Prime Minister Topolánek and his deputy for EU affairs Alexandr Vondra
unveiled the new campaign at the government offices on Thursday morning. It
features billboards and a 30-second video clip, in which Czech celebrities,
including ice-hockey star Jaromír Jagr, goalkeeper Petr Čech and top
model Tereza Maxová do amusing things with sugar cubes. So why the sugary
theme? Michaela Jelínková is Mr Vondra’s spokeswoman:
“We really wanted to raise awareness of the European Union, because as you know all over Europe there is a lack of interest in EU matters. In Czech, the slogan has the potential to catch attention. That’s one thing. The second thing is that we are using famous Czech personalities in the TV spot, who have actually sweetened Europe’s life already. The message maybe is that anyone can add sugar or make the life of Europe and the world sweeter if one makes an effort, as these famous personalities have made so far.”

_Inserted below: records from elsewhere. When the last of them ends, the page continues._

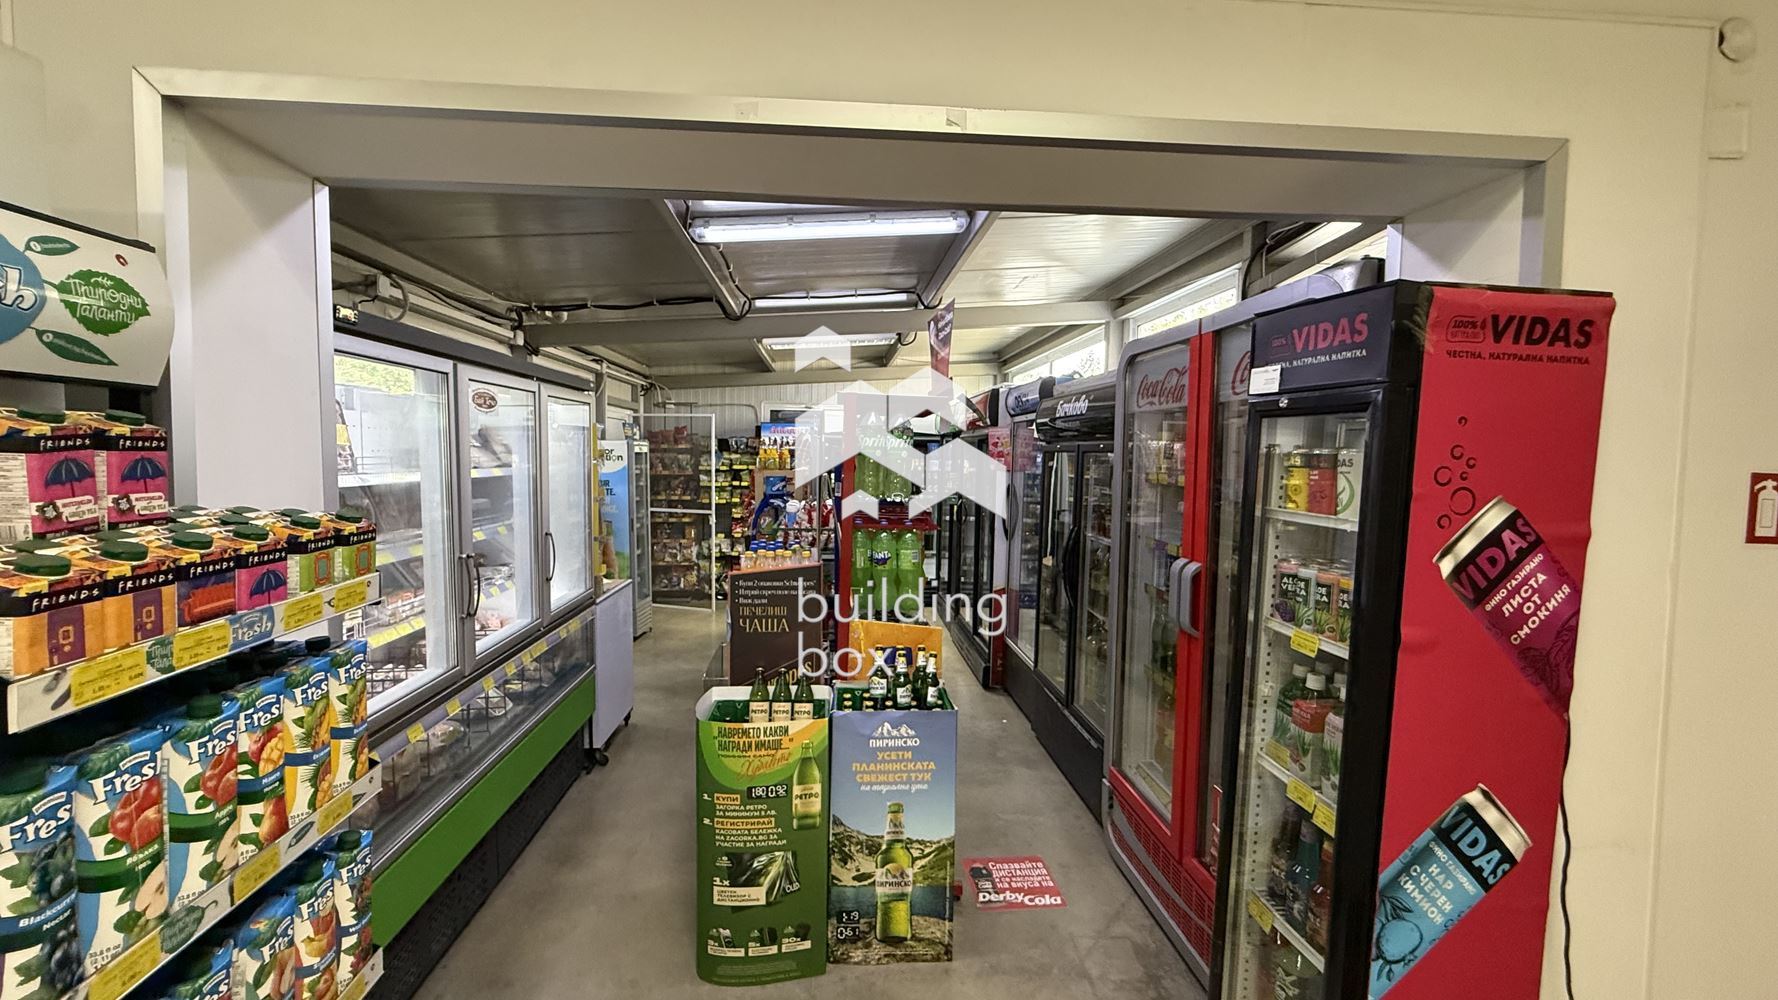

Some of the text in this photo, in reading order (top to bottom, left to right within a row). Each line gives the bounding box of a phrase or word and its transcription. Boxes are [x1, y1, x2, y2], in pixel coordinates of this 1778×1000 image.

[1451, 319, 1479, 330] 100%
[1490, 313, 1595, 350] VIDAS
[1291, 312, 1369, 353] VIDAS
[1292, 348, 1367, 367] НАТУРАЛНА НАПИТКА
[1446, 350, 1590, 366] ЧЕСТНА, НАТУРАЛНА НАПИТКА
[40, 438, 91, 450] FRIENDS
[119, 439, 166, 450] FRIENDS
[350, 532, 377, 543] FRIENDS
[307, 540, 335, 551] FRIENDS
[248, 551, 287, 566] FRIENDS
[1451, 516, 1538, 600] VIDAS
[190, 561, 235, 578] FRIENDS
[118, 573, 174, 593] FRIENDS
[1484, 553, 1544, 612] ФИНО ГАЗИРАНО
[32, 588, 100, 612] FRIENDS
[1501, 572, 1547, 618] ЛИСТА
[739, 606, 787, 616] ПЕЧЕЛИШ
[1522, 593, 1542, 616] ОТ
[1510, 584, 1571, 645] СМОКИНЯ
[739, 618, 790, 633] ЧАША
[763, 725, 789, 738] КАКВИ
[717, 740, 753, 753] НАГРАДИ
[869, 738, 920, 748] ПИРИНСКО
[876, 751, 912, 760] УСЕТИ
[852, 761, 936, 772] ПЛАНИНСКАТА
[855, 772, 932, 782] СВЕЖЕСТ ТУК
[715, 817, 773, 827] РЕГИСТРИРАЙ
[1438, 804, 1510, 886] VIDAS
[988, 860, 1044, 870] Спазвайте
[992, 868, 1048, 877] ДИСТАНЦИЯ
[1428, 840, 1477, 896] ФИНО ГАЗИРАНО
[877, 879, 911, 888] ПИРИНСКО
[1428, 863, 1454, 891] НАР
[1010, 881, 1040, 889] вкуса
[1409, 864, 1454, 914] С ЧЕРЕН
[1396, 873, 1445, 926] КИМИОН

Michaela Jelínková went on to explain that the sugar cube was chosen
because of its Czech roots - it was invented by one Jakub Krystof Rad, the
director of the Dačice sugar refinery, in 1843. Rad was actually a native
of Switzerland, and back then Dačice was just a backwater in the Austrian
Empire, so there’s some dispute over whether the sugar cube is really
Czech.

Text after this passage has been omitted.